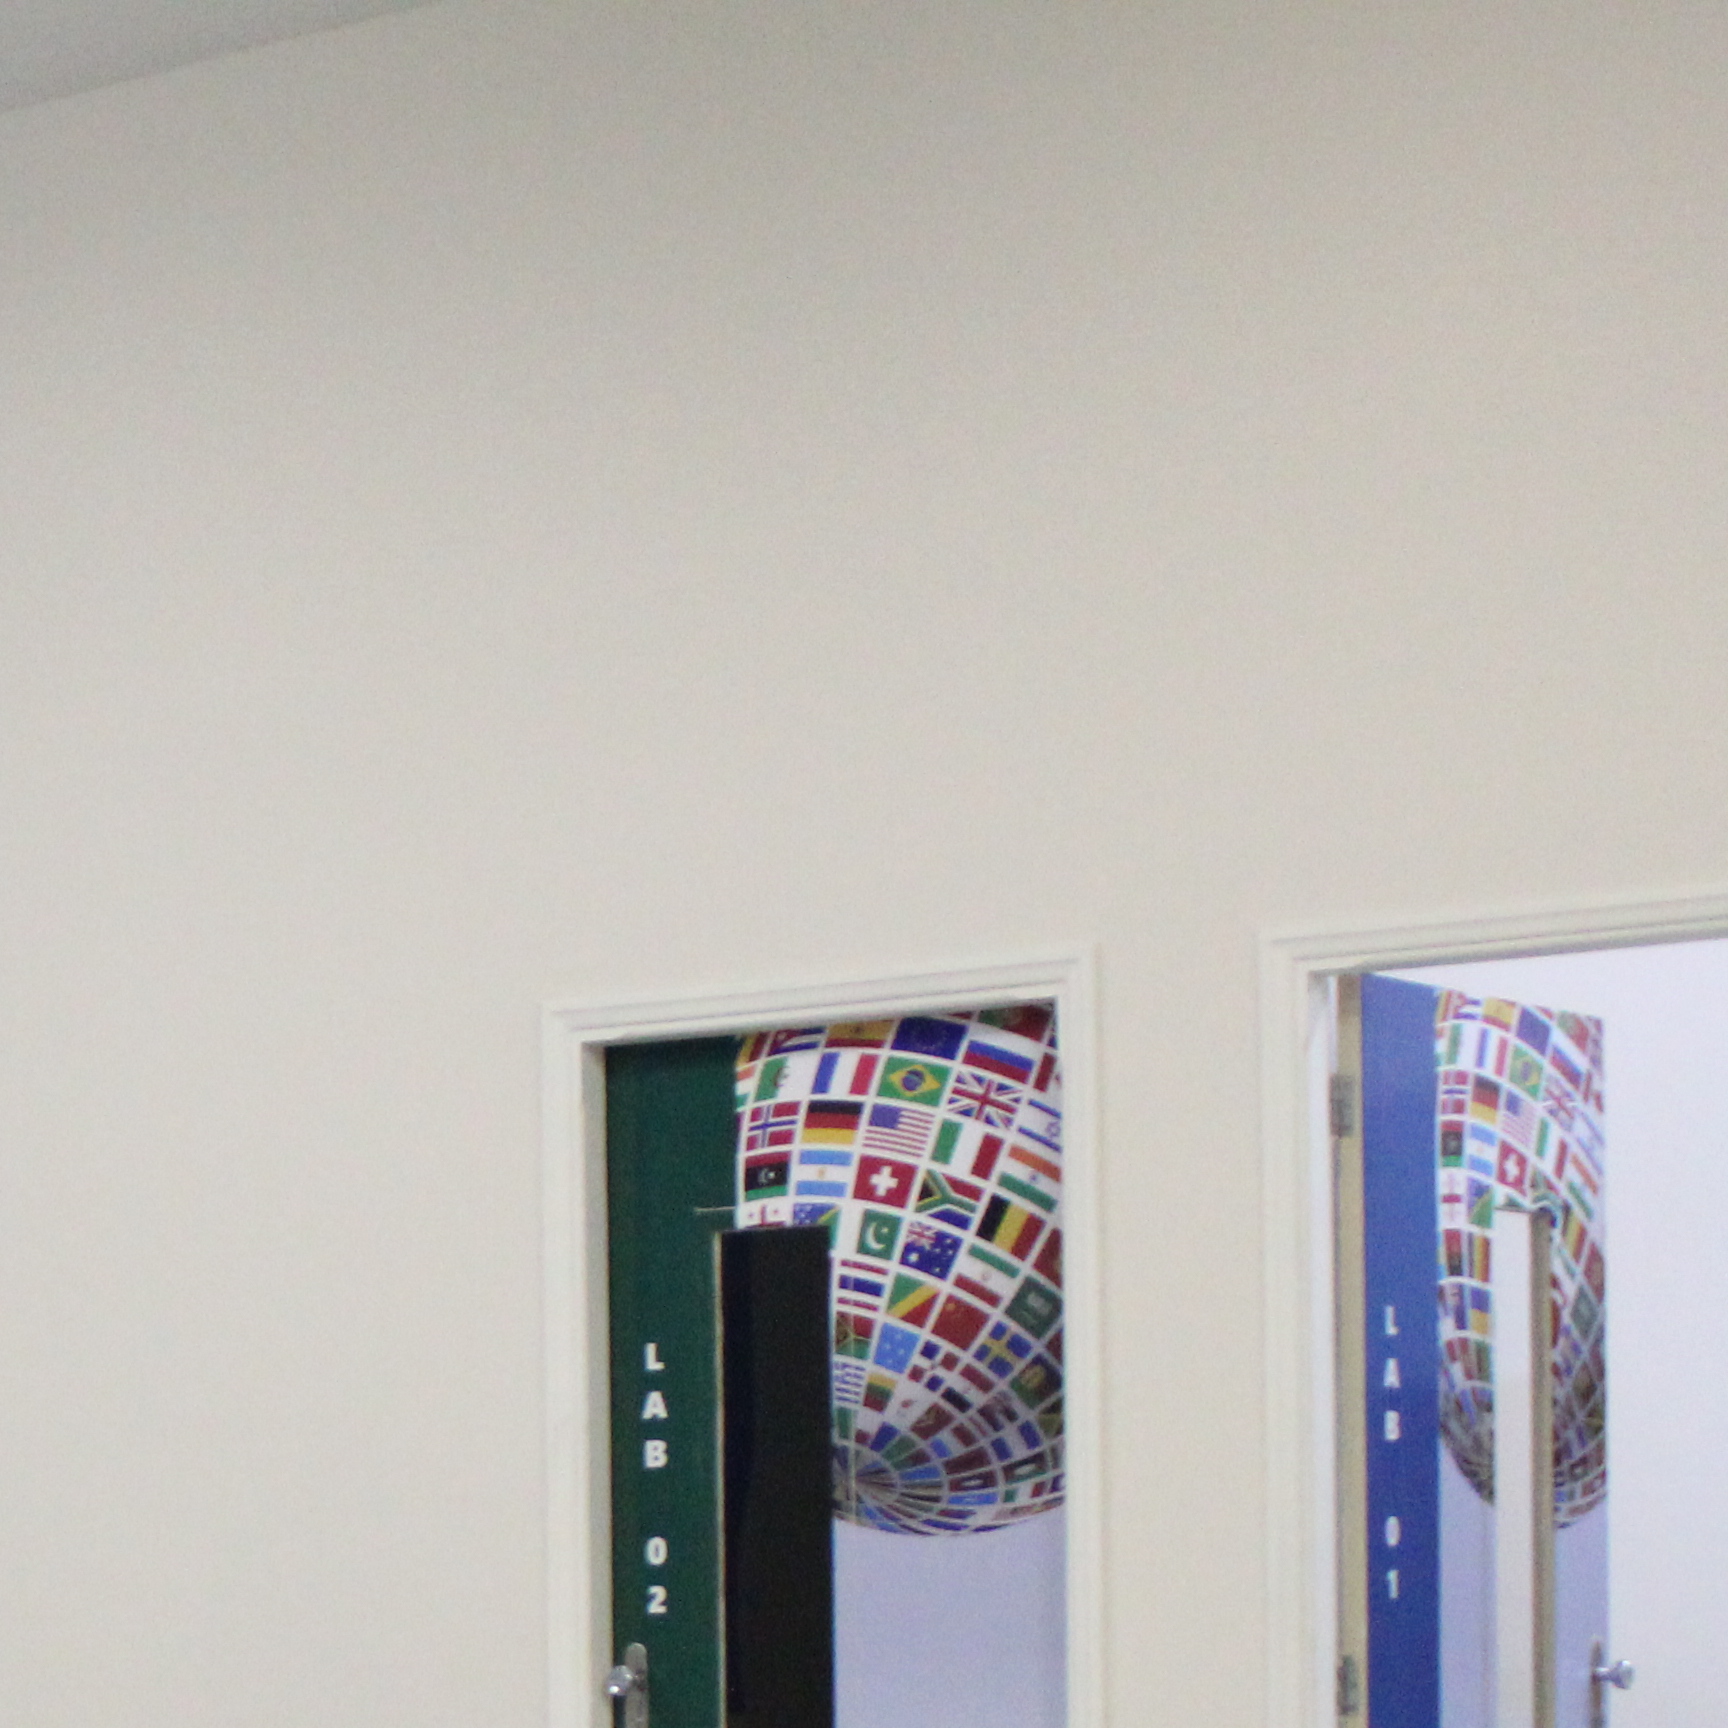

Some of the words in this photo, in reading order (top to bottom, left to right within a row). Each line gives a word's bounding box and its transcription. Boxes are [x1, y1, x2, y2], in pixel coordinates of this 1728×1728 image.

[642, 1342, 669, 1469] LAB
[1382, 1304, 1401, 1441] LAB
[645, 1535, 668, 1615] 02
[1385, 1515, 1401, 1600] 01
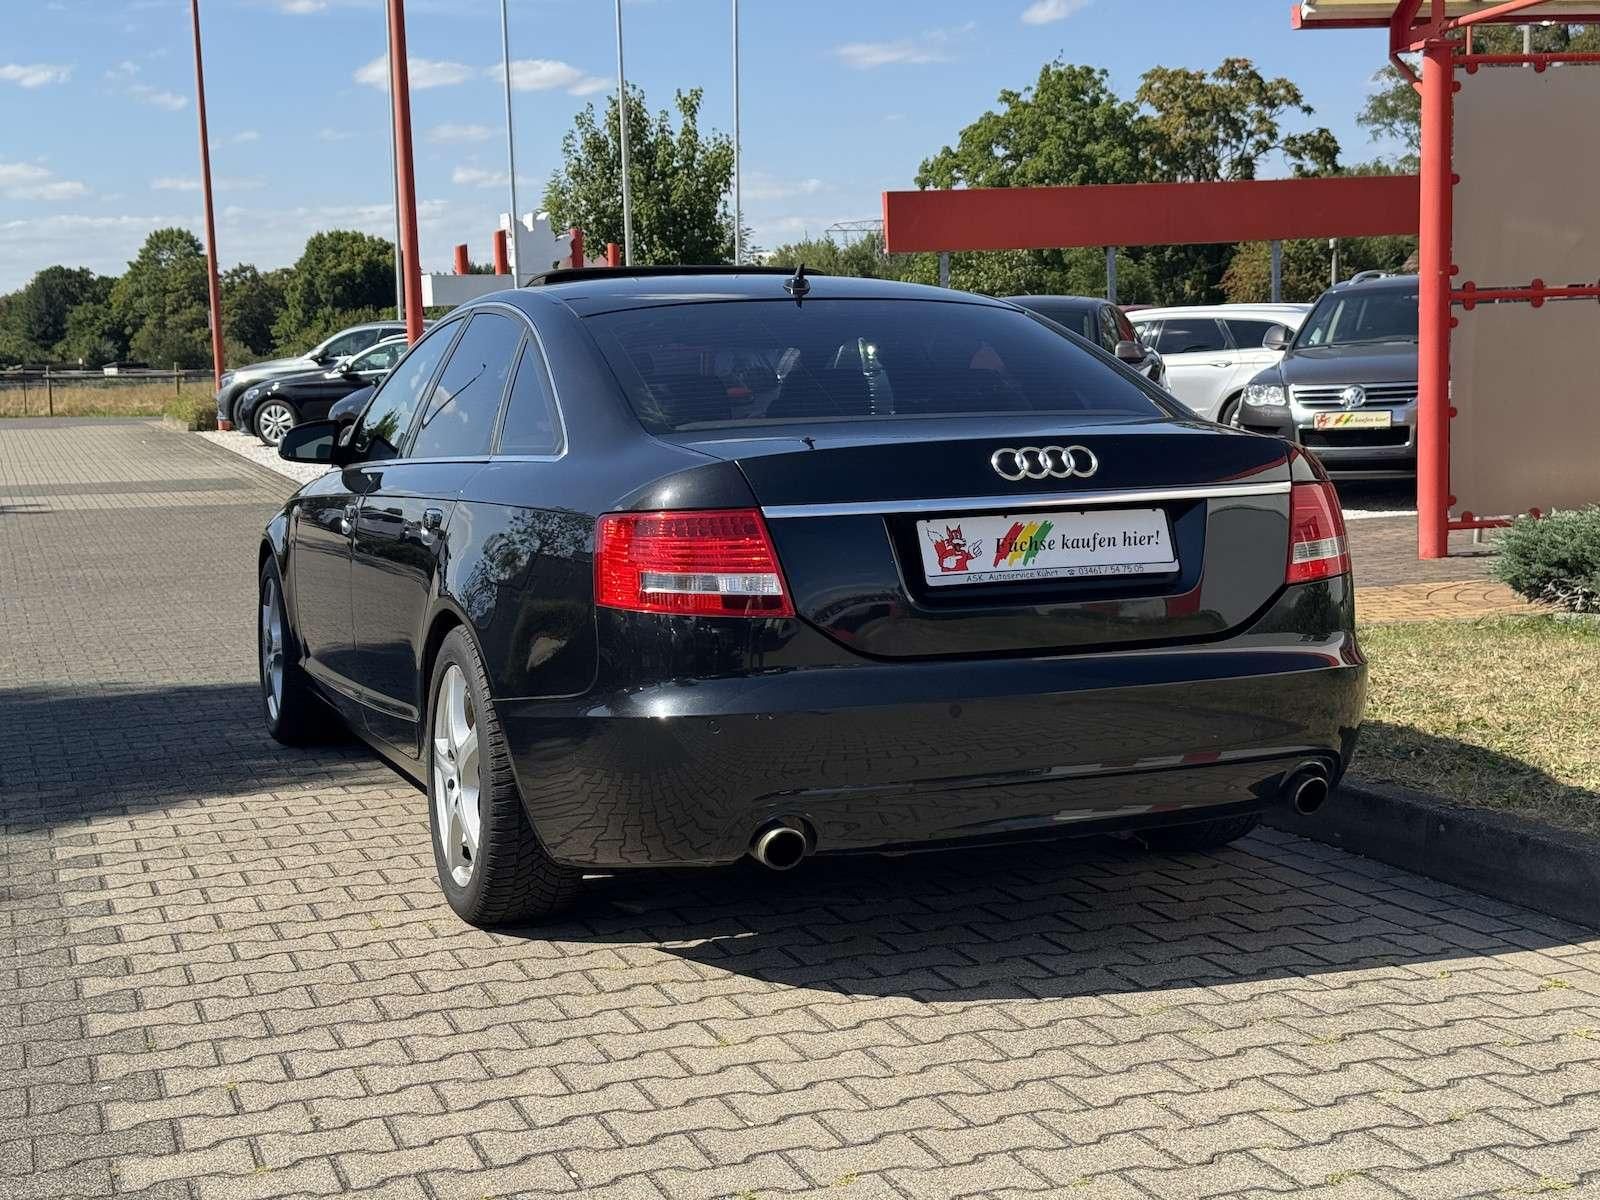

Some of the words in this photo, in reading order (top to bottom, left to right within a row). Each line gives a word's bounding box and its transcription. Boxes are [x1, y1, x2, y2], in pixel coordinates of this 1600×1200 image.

[1061, 533, 1116, 552] kaufen
[1122, 530, 1160, 547] hier!
[966, 574, 984, 583] ASK
[989, 569, 1034, 581] Autoservice
[1110, 564, 1121, 573] 54

----------------

** Problem description **
Everything from the line with "this 1600×1200 image." to the last line of the entries above is to be retyped exactly. Include both ends.

** Reply **
Some of the words in this photo, in reading order (top to bottom, left to right within a row). Each line gives a word's bounding box and its transcription. Boxes are [x1, y1, x2, y2], in pixel coordinates of this 1600×1200 image.

[1061, 533, 1116, 552] kaufen
[1122, 530, 1160, 547] hier!
[966, 574, 984, 583] ASK
[989, 569, 1034, 581] Autoservice
[1110, 564, 1121, 573] 54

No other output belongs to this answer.